What is being asked —
From the first line to the last, restate the material word for word; pictures stay out.
===== Records for this task =====
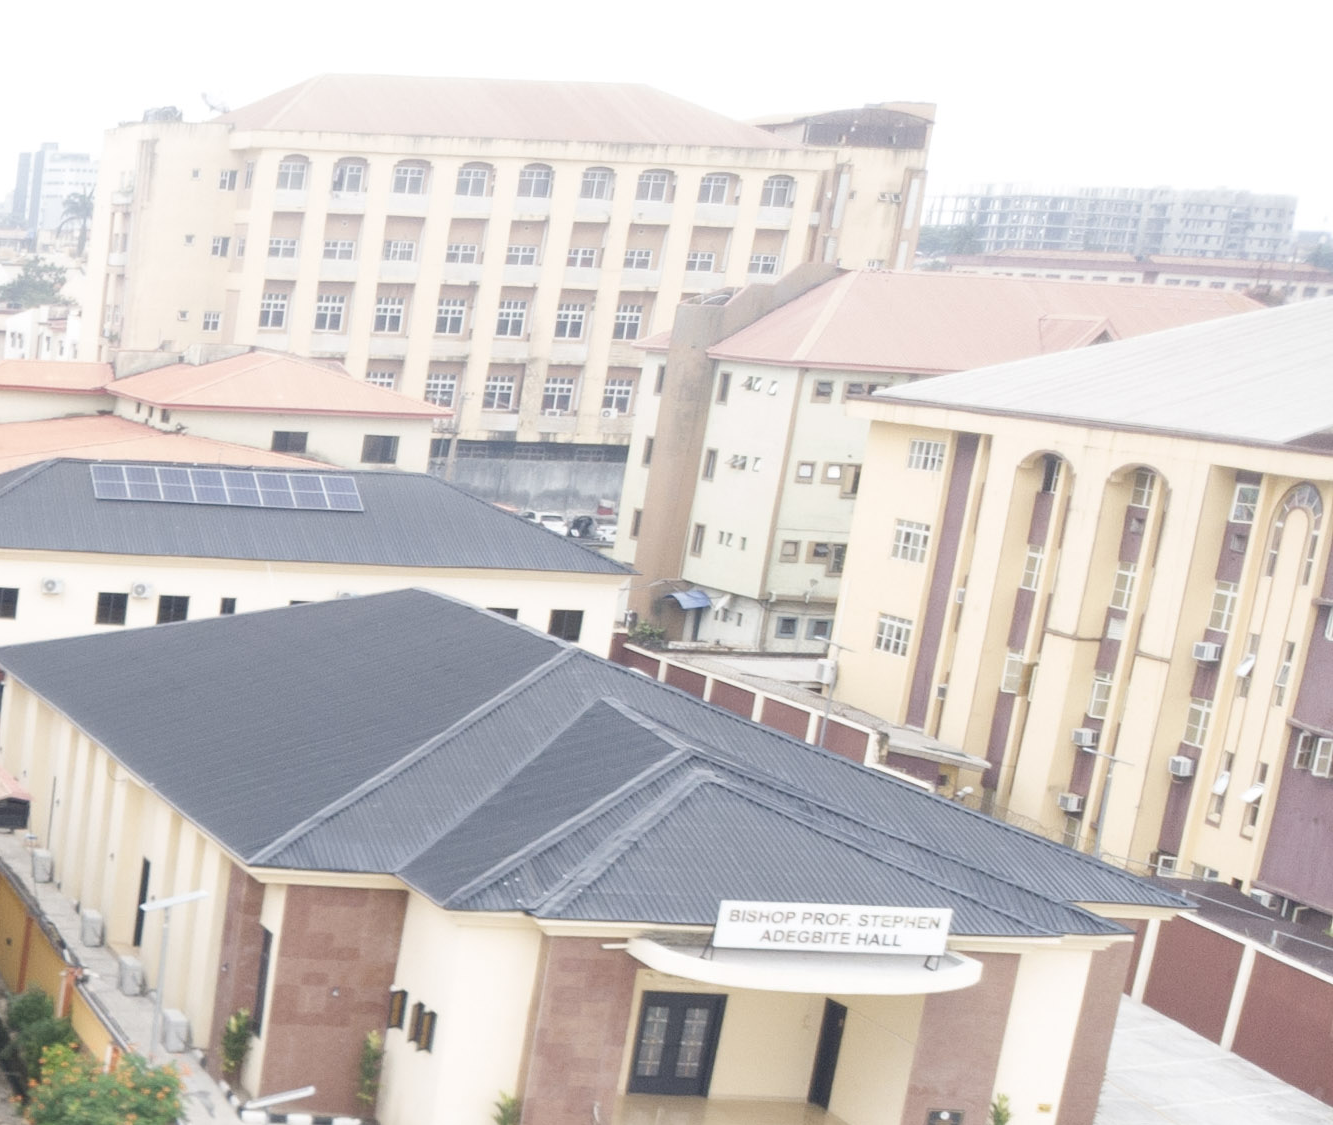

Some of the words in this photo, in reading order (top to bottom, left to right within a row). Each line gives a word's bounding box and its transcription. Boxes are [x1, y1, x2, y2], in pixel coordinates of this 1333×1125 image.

[729, 908, 796, 924] BISHOP
[800, 911, 852, 927] PROF.
[857, 914, 942, 930] STEPHEN
[758, 929, 852, 945] ADEGBITE
[855, 933, 902, 948] HALL
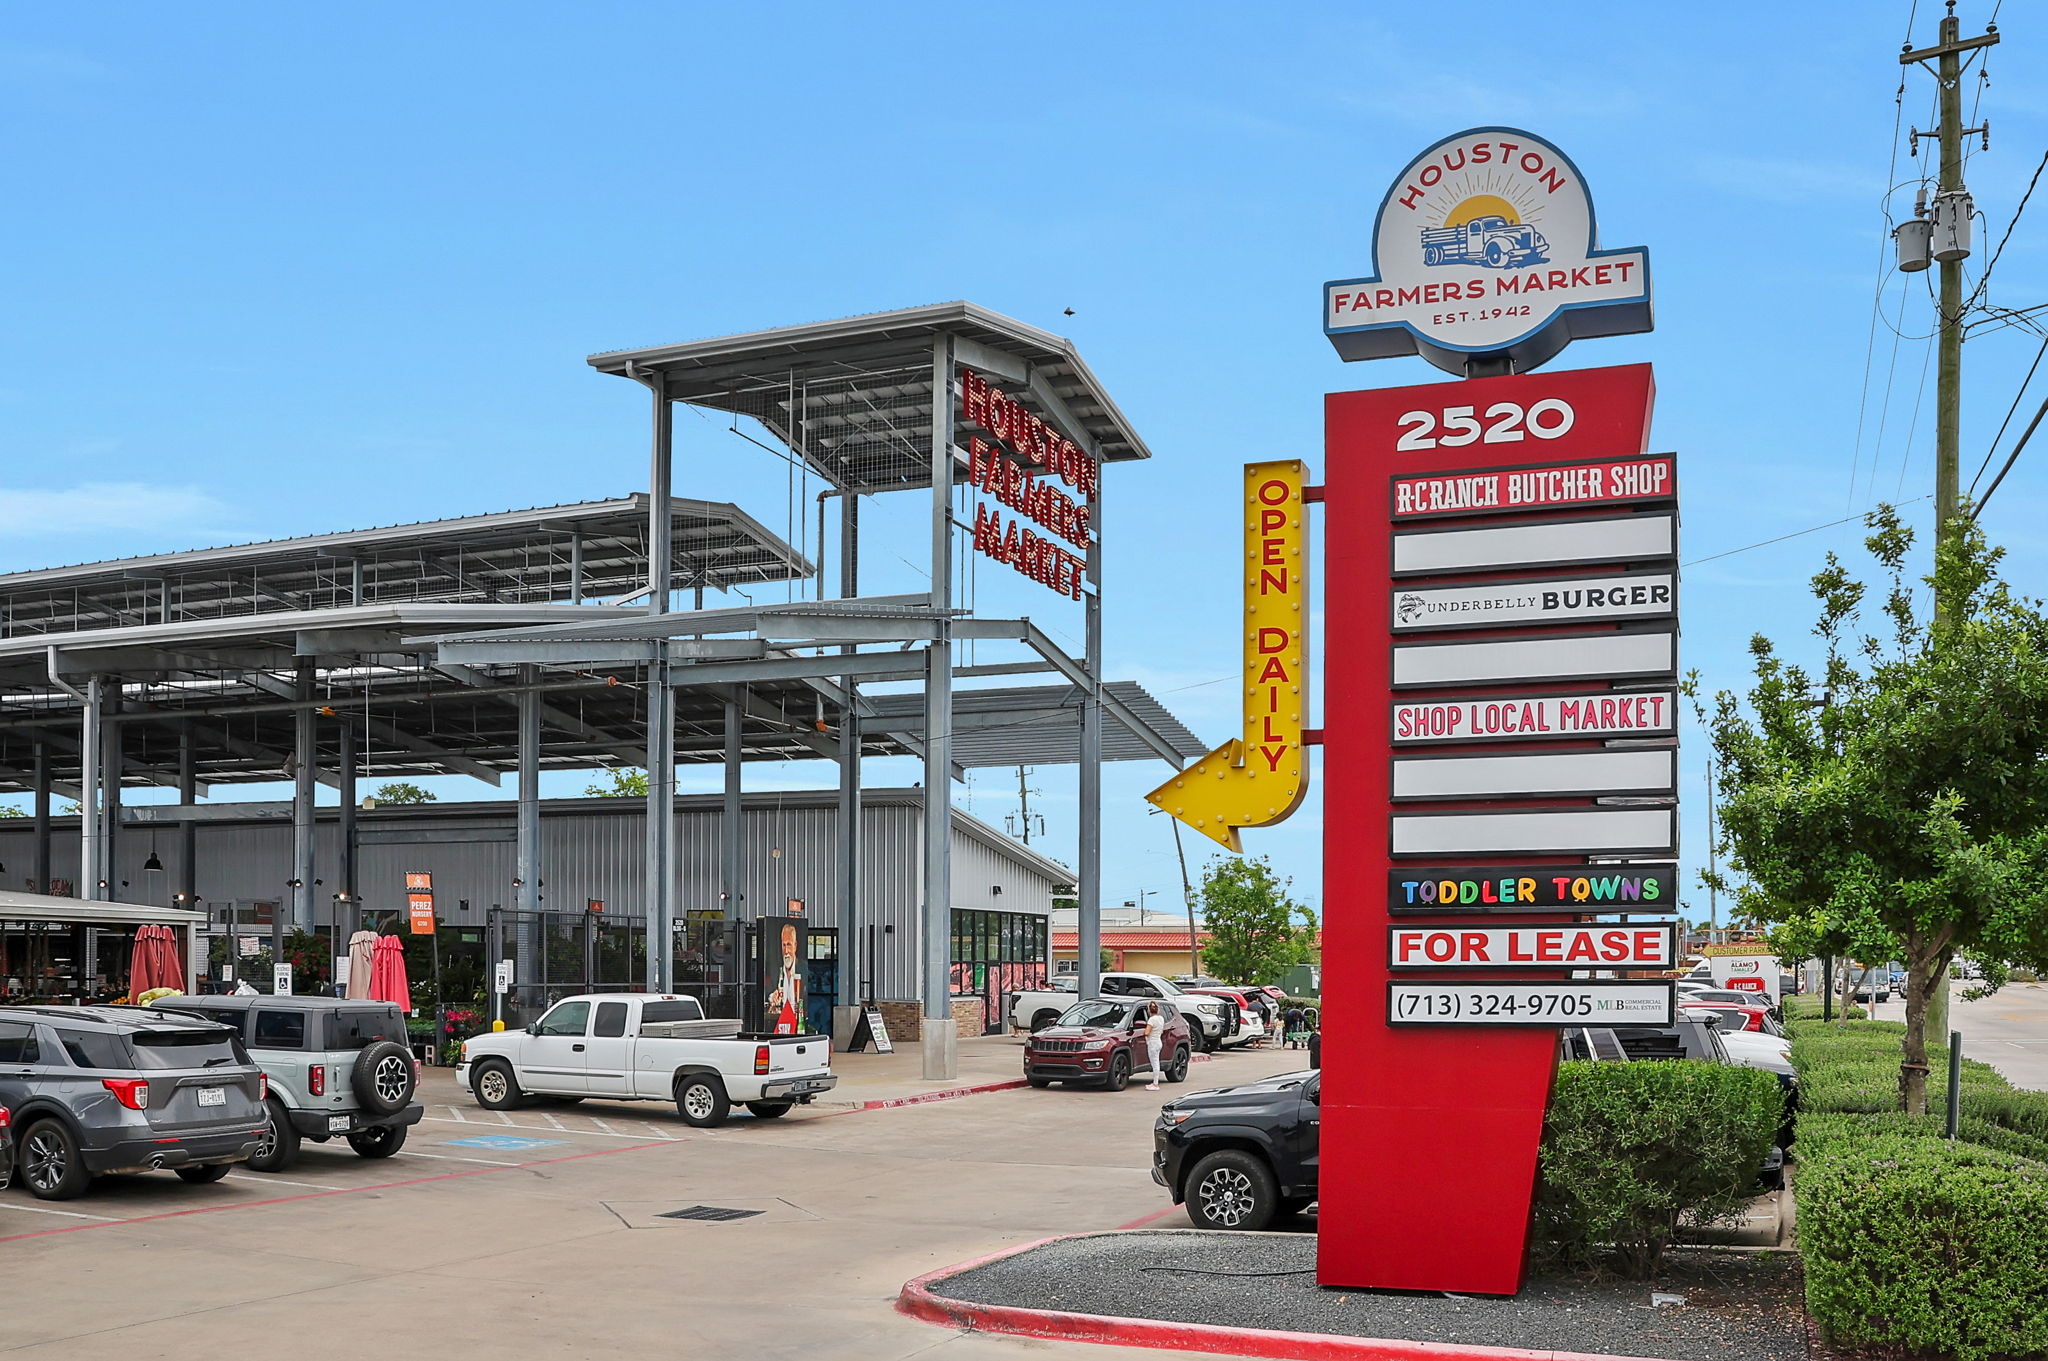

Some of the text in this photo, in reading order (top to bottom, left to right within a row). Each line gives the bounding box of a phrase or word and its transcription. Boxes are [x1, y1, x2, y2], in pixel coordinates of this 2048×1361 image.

[1398, 142, 1567, 211] HOUSTON
[1334, 262, 1635, 314] FARMERS MARKET
[963, 368, 1096, 503] HOUSTON
[1396, 398, 1575, 452] 2520
[969, 435, 1090, 549] FARMERS
[1429, 475, 1499, 510] RANCH
[1508, 467, 1603, 504] BUTCHER
[1610, 462, 1668, 497] SHOP
[974, 502, 1087, 602] MARKET
[1427, 584, 1670, 614] UNDERBELLY BURGER
[1258, 479, 1290, 772] OPEN DAILY
[1398, 696, 1665, 737] SHOP LOCAL MARKET
[411, 901, 432, 911] PEREZ
[1402, 875, 1661, 904] TODDLER TOWNS
[1398, 931, 1662, 963] FOR LEASE
[1712, 947, 1748, 955] CUSTOMER
[1397, 992, 1593, 1018] (713) 324-9705
[1597, 1000, 1624, 1010] MLB
=====
Answer area —
Some of the words in this photo, in reading order (top to bottom, left to right within a row). Each line gives a word's bounding box and its transcription. Boxes are [x1, y1, x2, y2], in pixel coordinates of this 1333×1125 image.

[729, 908, 796, 924] BISHOP
[800, 911, 852, 927] PROF.
[857, 914, 942, 930] STEPHEN
[758, 929, 852, 945] ADEGBITE
[855, 933, 902, 948] HALL

Some of the text in this photo, in reading order (top to bottom, left to right within a row). Each line gives the bounding box of a phrase or word and its transcription. Boxes are [x1, y1, x2, y2], in pixel coordinates of this 2048×1361 image.

[1398, 142, 1567, 211] HOUSTON
[1334, 262, 1635, 314] FARMERS MARKET
[963, 368, 1096, 503] HOUSTON
[1396, 398, 1575, 452] 2520
[969, 435, 1090, 549] FARMERS
[1429, 475, 1499, 510] RANCH
[1508, 467, 1603, 504] BUTCHER
[1610, 462, 1668, 497] SHOP
[974, 502, 1087, 602] MARKET
[1427, 584, 1670, 614] UNDERBELLY BURGER
[1258, 479, 1290, 772] OPEN DAILY
[1398, 696, 1665, 737] SHOP LOCAL MARKET
[411, 901, 432, 911] PEREZ
[1402, 875, 1661, 904] TODDLER TOWNS
[1398, 931, 1662, 963] FOR LEASE
[1712, 947, 1748, 955] CUSTOMER
[1397, 992, 1593, 1018] (713) 324-9705
[1597, 1000, 1624, 1010] MLB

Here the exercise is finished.